Il rock ha sempre avuto i suoi bravi inni generazionali. Negli Anni ’50 Rock Around The Clock (Bill Haley) e Blue Suede Shoes (Elvis Presley); nei ’60 My Generation (Who) e Satisfaction (Rolling Stones); nei ’70 Anarchy In The UK (Sex Pistols) e London Calling (Clash). Sempre nei Seventies, glam rock imperante, All The Young Dudes fa sobbalzare non pochi cuori. Dudes = Damerini. Tutti i giovani damerini: come nella migliore accezione glamour, fra allusioni omosex e una spiccata propensione all’estetismo. La canzone, fiore all’occhiello dell’omonimo album, viene composta da David Bowie per i Mott The Hoople. Bowie, allo zenith della notorietà con l’incarnazione efebico/spaziale di Ziggy Stardust, acciuffa per i capelli la band capitanata da Ian Hunter. È un estimatore dei Mott The Hoople, e non può tollerare che dopo un pugno di dischi ai bordi dell’hard rock e del blues, nonchè un “concerto d’addio” a Zurigo, il quintetto si sciolga compromettendo ogni possibile chance di successo.

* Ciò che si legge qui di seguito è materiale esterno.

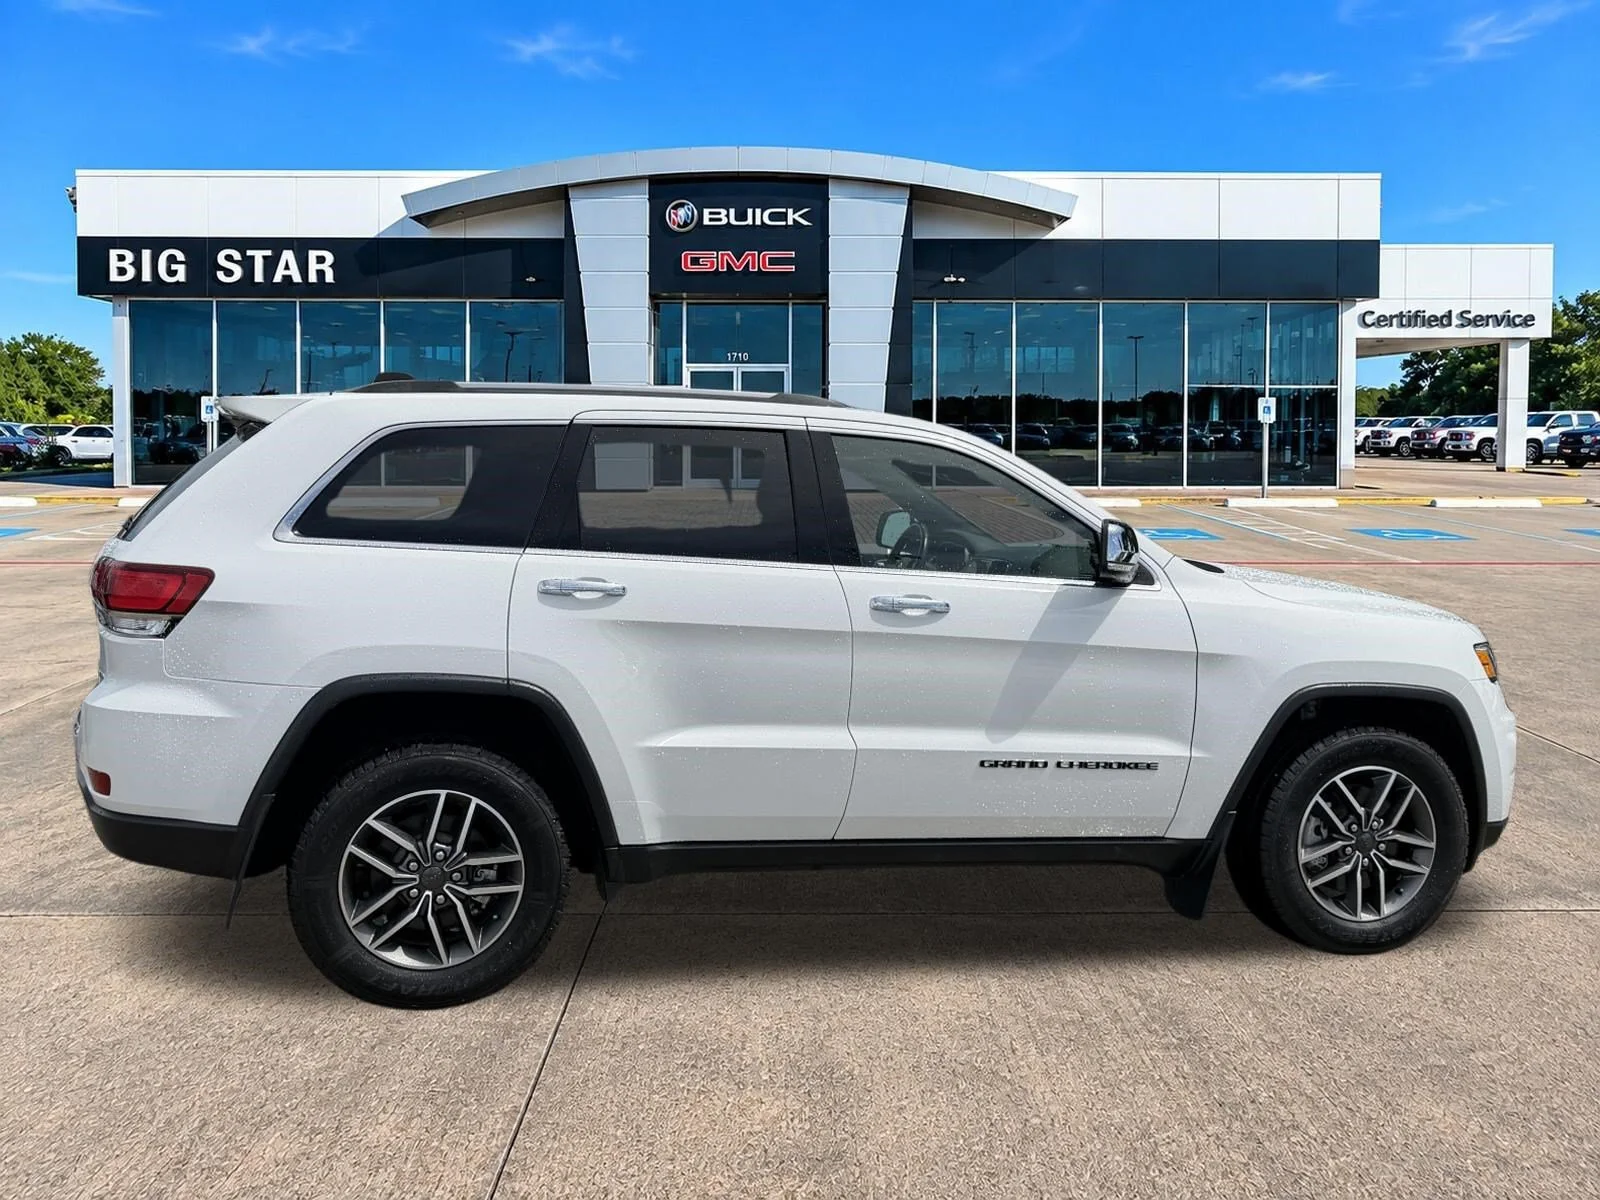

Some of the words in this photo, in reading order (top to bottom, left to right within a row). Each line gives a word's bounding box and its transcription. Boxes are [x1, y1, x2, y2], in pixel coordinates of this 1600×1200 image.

Li iscrive nelle liste glam (farà altrettanto, nei mesi successivi, con il Lou Reed di Transformer e l’Iggy Pop di Raw Power), propone a Ian Hunter il brano Suffragette City (che questi rifiuta), rilancia con All The Young Dudes (singolo ed Lp, in veste di produttore) e il gioco è fatto. All The Young Dudes, ristampato con l’aggiunta di 7 bonus tracks, punta tutto su un rock muscolare (Momma’s Little Jewel; Jerkin’ Crocus) che volentieri si fa “gayo” nel nome ancheggiante dell’estetismo “glam” (Sucker; One Of The Boys) e rende omaggio ai capostipiti dell’intero movimento decadente, i Velvet Underground, attraverso un’impeccabile rilettura di Sweet Jane astutamente collocata in apertura del disco. Ma nella storia del rock rimarrà incollato soprattutto l’inno di All The Young Dudes, che il Cd svela nella versione standard e in quella che vede duettare Bowie & Hunter.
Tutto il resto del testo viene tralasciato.